Disaster recovery planning

Finding
  • 2.4.3 It is critical that there is a high-level of communication and coordination between the Partnership and SSC, due to SSC's integral role in disaster recovery. The audit identified that AAFC and SSC do not regularly meet to discuss strategic or operational requirements in support of disaster recovery for the SAP environment.
  • 2.4.4 The audit determined that the AAFC Disaster Recovery Plan was most recently updated in March 2012 and did not reflect the transfer of data centre responsibilities to SSC. SSC subsequently changed the location of the SAP system's backup data centre from a Winnipeg facility to an Ottawa facility; however the SAP Disaster Recovery Plan has not been updated to reflect the current environment. Additionally, due to the relocation of the backup data centre, the primary and backup data centres supporting the SAP application are now within close proximity (~5km), which is not aligned with best practices. Primary and backup data centres should have sufficient separation and differences between geography, climate, seismology, and power grids. There is a risk that AAFC is not well positioned to recover IT assets in a timely manner in the event of a disaster. Overall, there is a risk that contingencies to support disaster recovery are not sufficient to recover from certain types of disasters in a timely manner.

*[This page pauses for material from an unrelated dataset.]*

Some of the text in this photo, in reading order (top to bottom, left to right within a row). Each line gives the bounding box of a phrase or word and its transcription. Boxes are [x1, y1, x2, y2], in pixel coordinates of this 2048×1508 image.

    Finding 7: The Disaster Recovery Plan does not reflect the current environment or clearly delineate roles and responsibilities between the Partnership and SSC. The primary and backup data centres are in close proximity, increasing the likelihood that a particular disaster or disruption could affect both data centres simultaneously, thereby hindering the timely recovery of the SAP environment.

Information technology infrastructure change management

Finding
  • 2.4.5 The audit identified that effective communication channels were not in place for AAFC to be advised in a consistent and timely manner of IT changes at the infrastructure level that may cause unavailability of the SAP application, which prevents advance notice and disclosure to Client Partners. Since the creation of SSC, the extent of communication with, and involvement of, SSC personnel in the AAFC change management process has decreased, and SSC representatives no longer attend the change control meetings at AAFC. Although meetings between AAFC and SSC occur at the Senior Management level, there are no change management meetings attended by both SSC and AAFC representatives.

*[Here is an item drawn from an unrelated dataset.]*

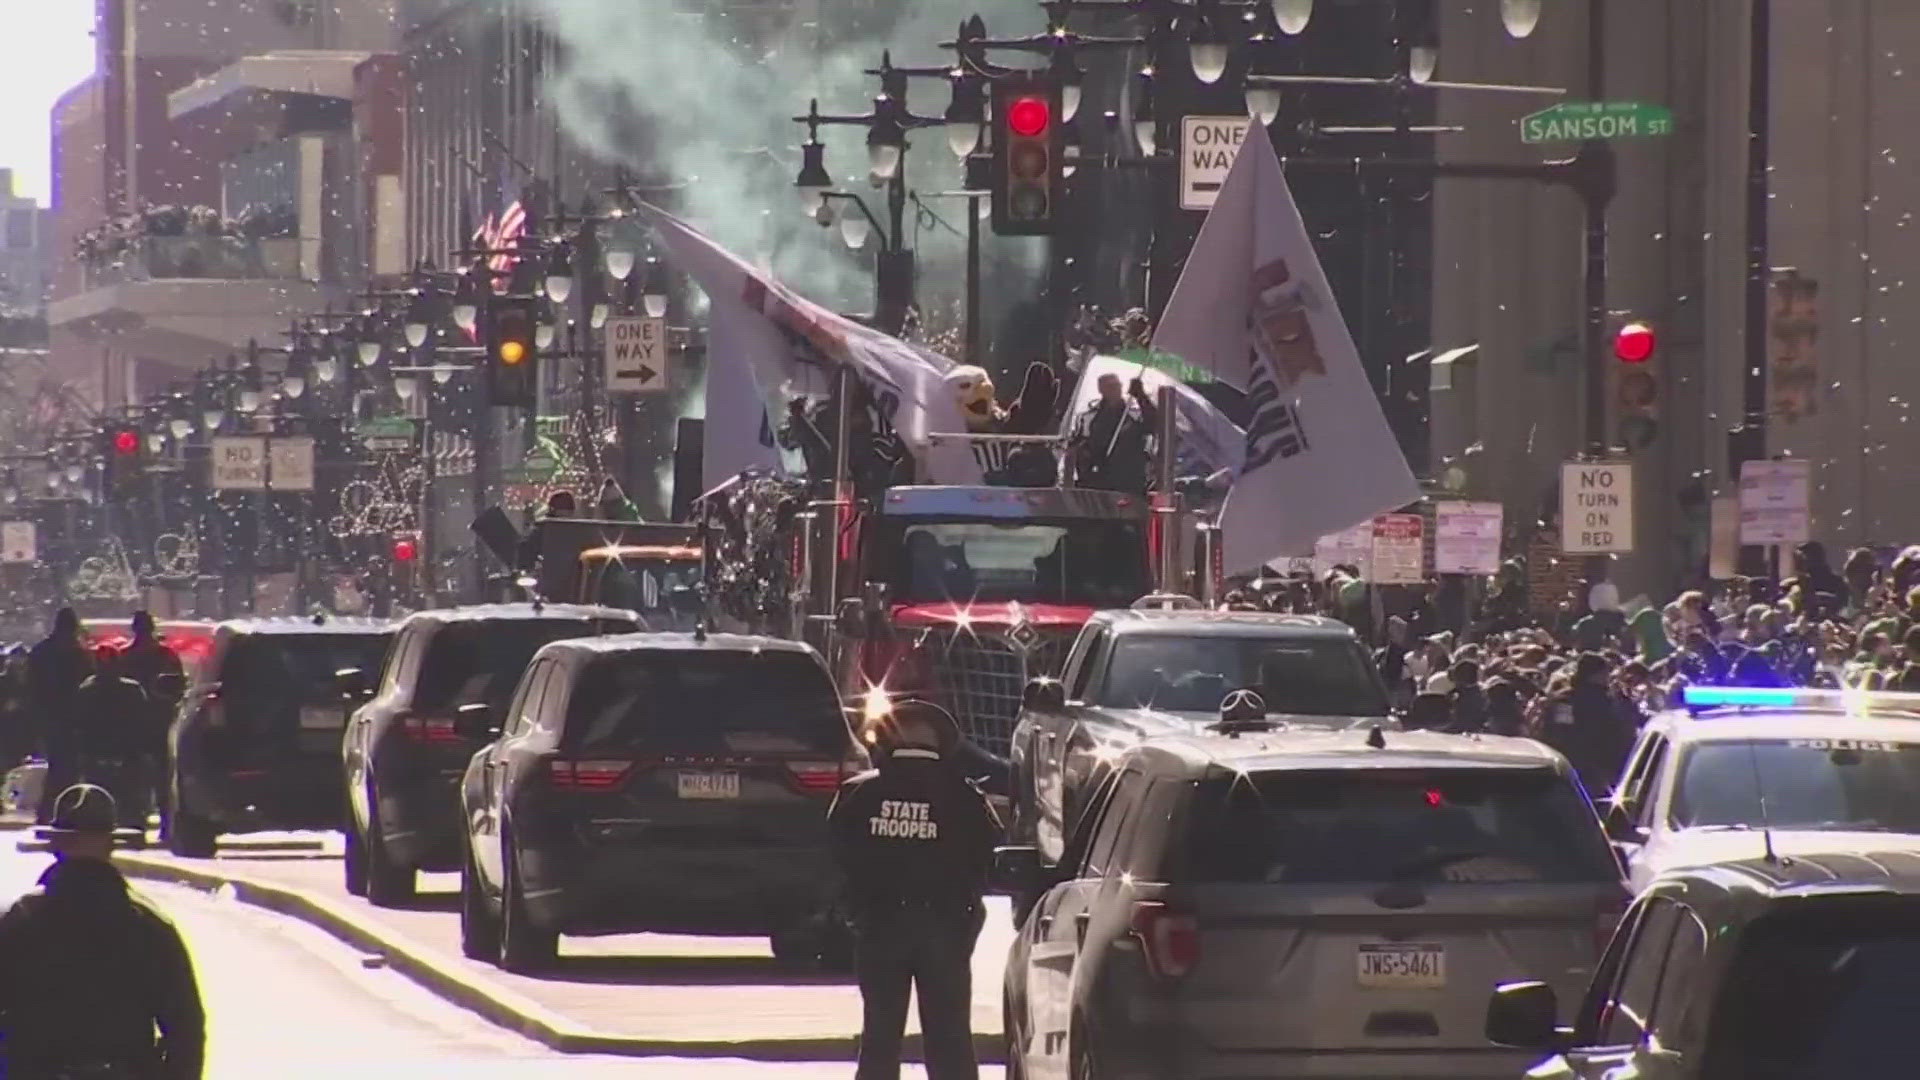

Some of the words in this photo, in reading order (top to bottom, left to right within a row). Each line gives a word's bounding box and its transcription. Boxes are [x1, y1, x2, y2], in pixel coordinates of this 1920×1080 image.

    Finding 8: Effective governance structures are not in place in support of consistent and timely communication of changes at the infrastructure level that may cause unavailability of the SAP application to enable disclosure to all Partners and minimize impacts on operations.

  • 2.4.6 Recommendation

    AAFC 5 - AAFC should collaborate with SSC to formalize Service Level Agreements or other business arrangements so that:

    • The Disaster Recovery Plan is continually updated to reflect the current environment. The Disaster Recovery Plan documentation should clearly delineate roles and responsibilities between the Partnership and SSC in the event of a disaster.

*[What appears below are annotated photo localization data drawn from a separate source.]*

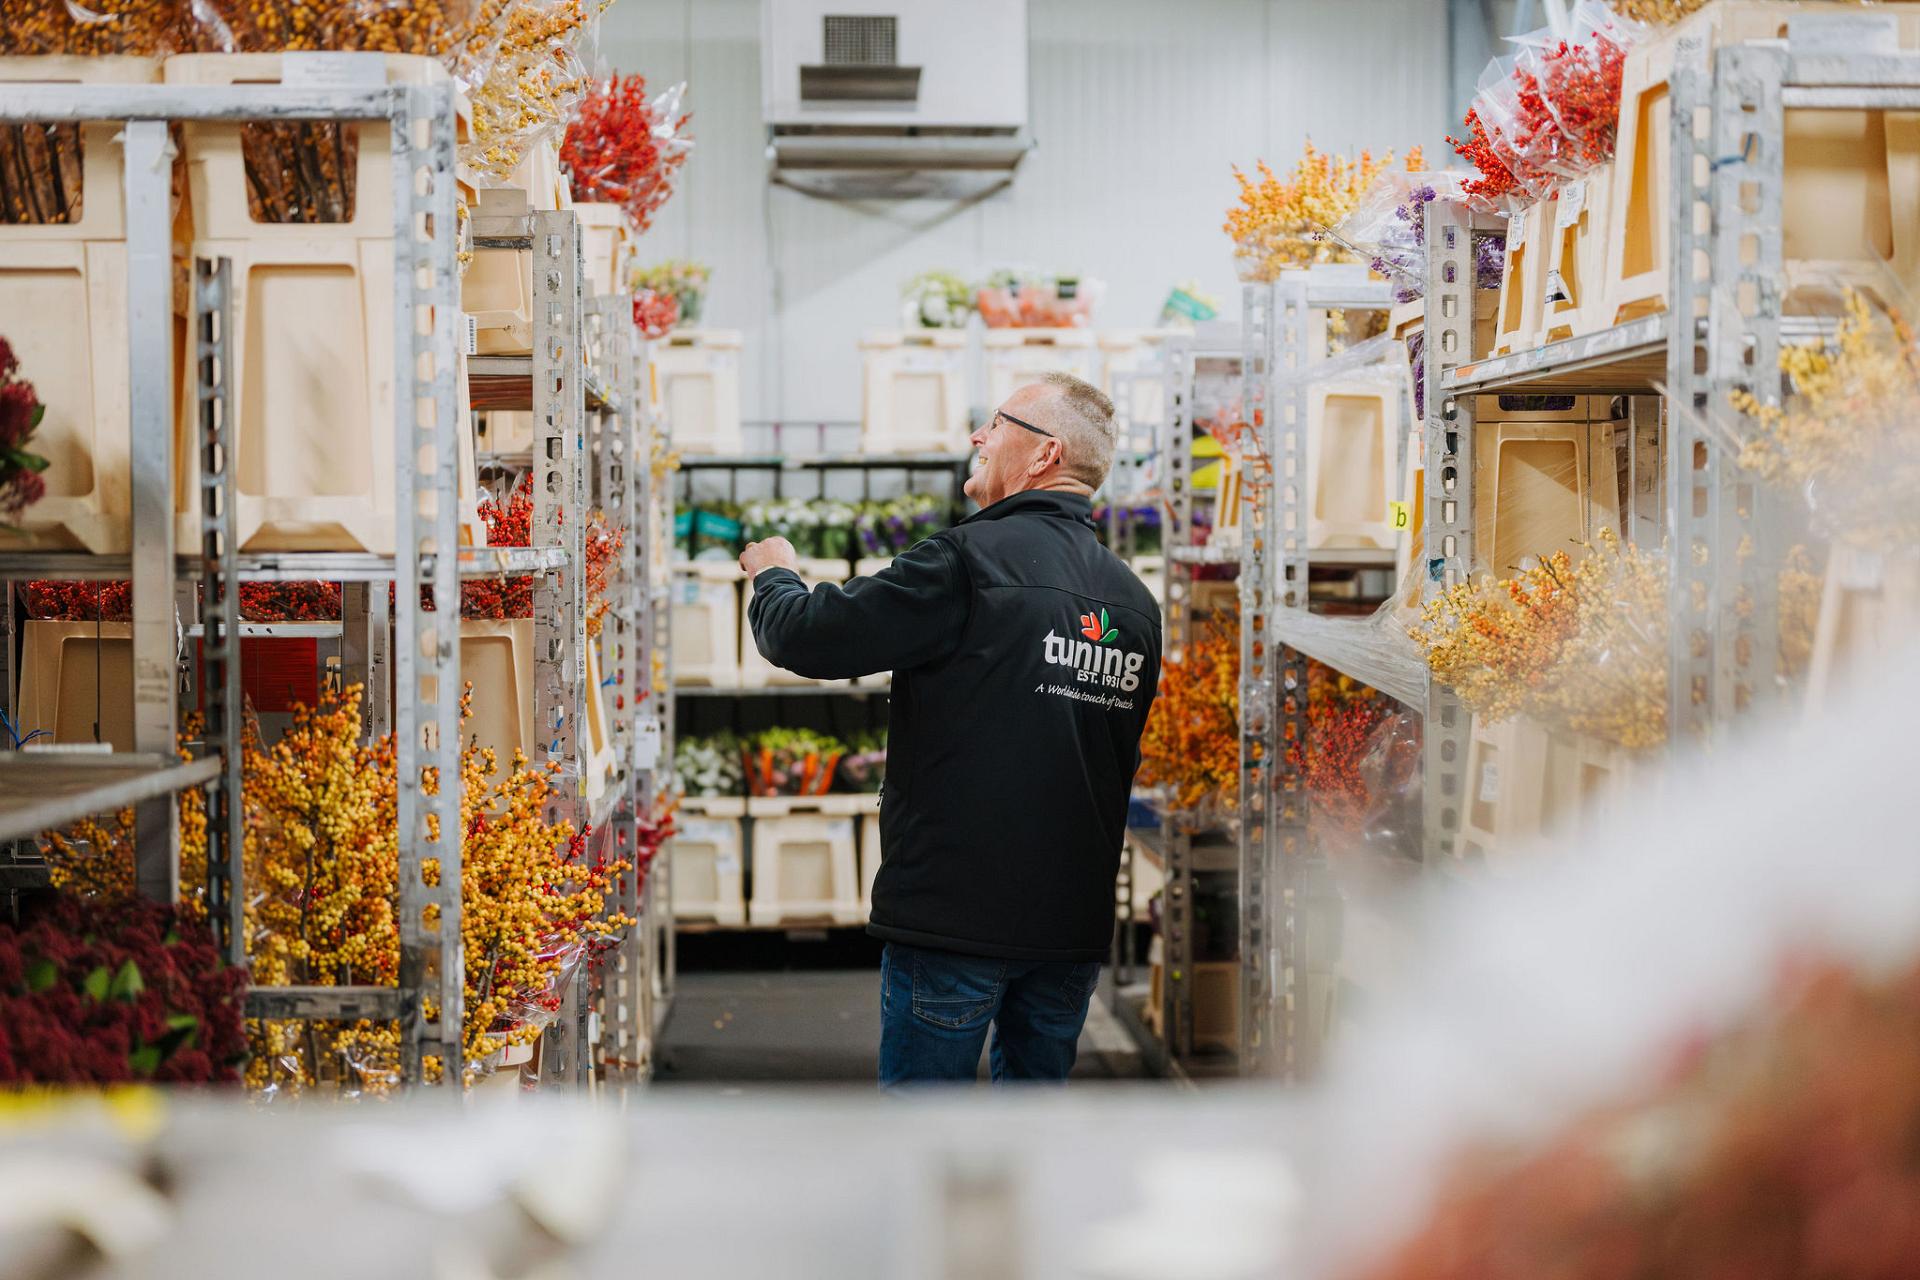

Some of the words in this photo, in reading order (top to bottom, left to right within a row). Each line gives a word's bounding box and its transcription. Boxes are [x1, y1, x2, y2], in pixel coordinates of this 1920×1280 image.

[1043, 628, 1145, 692] tuning
[1077, 669, 1098, 684] EST.
[1101, 674, 1120, 688] 1931
[1035, 683, 1045, 693] A
[1081, 691, 1106, 705] touch
[1106, 695, 1117, 711] of
[1114, 697, 1134, 710] Dutch

    • The location of the backup data centre and hot site is re-assessed and remediated as necessary.

    • Planned infrastructure changes with potential impact on SAP availability are consistently discussed with Client Partners in a timely manner.

    AAFC 5
    Management response: Agree

    Action Plan:

    AAFC will collaborate with SSC to ensure SAP service expectations and needs are fully understood and work with SSC to:

    • Formalize the periodic review and adjustment to the Disaster Recovery Plan to reflect the current SAP environment including the delineation of roles and responsibilities for AAFC and SSC in the event of a disaster.
    • Request that the location of the Backup Data Centre (Hot site) for SAP be re-assessed and remediated as necessary.
    • Define the approach for SSC to have timely discussions with AAFC on proposed infrastructure changes with an anticipated impact on SAP.

    Target date for completion: April 1, 2016

    Lead(s) responsible: Chief Information Officer

Annex A: acronyms

AAFC
Agriculture and Agri-Food Canada
CCC
AAFC Change Control Committee
CFIA
Canadian Food Inspection Agency
COBIT
Control Objectives for Information and Related Technology
IMFS
Integrated Financial and Material Systems
IT
Information technology
SPMC
SAP Partnership Management Committee
SPSC
SAP Partnership Steering Committee
NRCan
Natural Resources Canada
SSC
Shared Services Canada
TB
Treasury Board

Annex B: audit criteria

Line of enquiry 1.

The Partnership governance structure enables the Partnership to jointly discuss, establish and communicate strategic priorities and objectives to guide investment and resource planning and prioritization in alignment with business requirements and government-wide direction.

  • 1.1. A governance structure with senior level participation for decision-making and problem resolution is established to ensure that the investments and resourcing of the SAP solution support the Client Partners in an effective and equitable manner.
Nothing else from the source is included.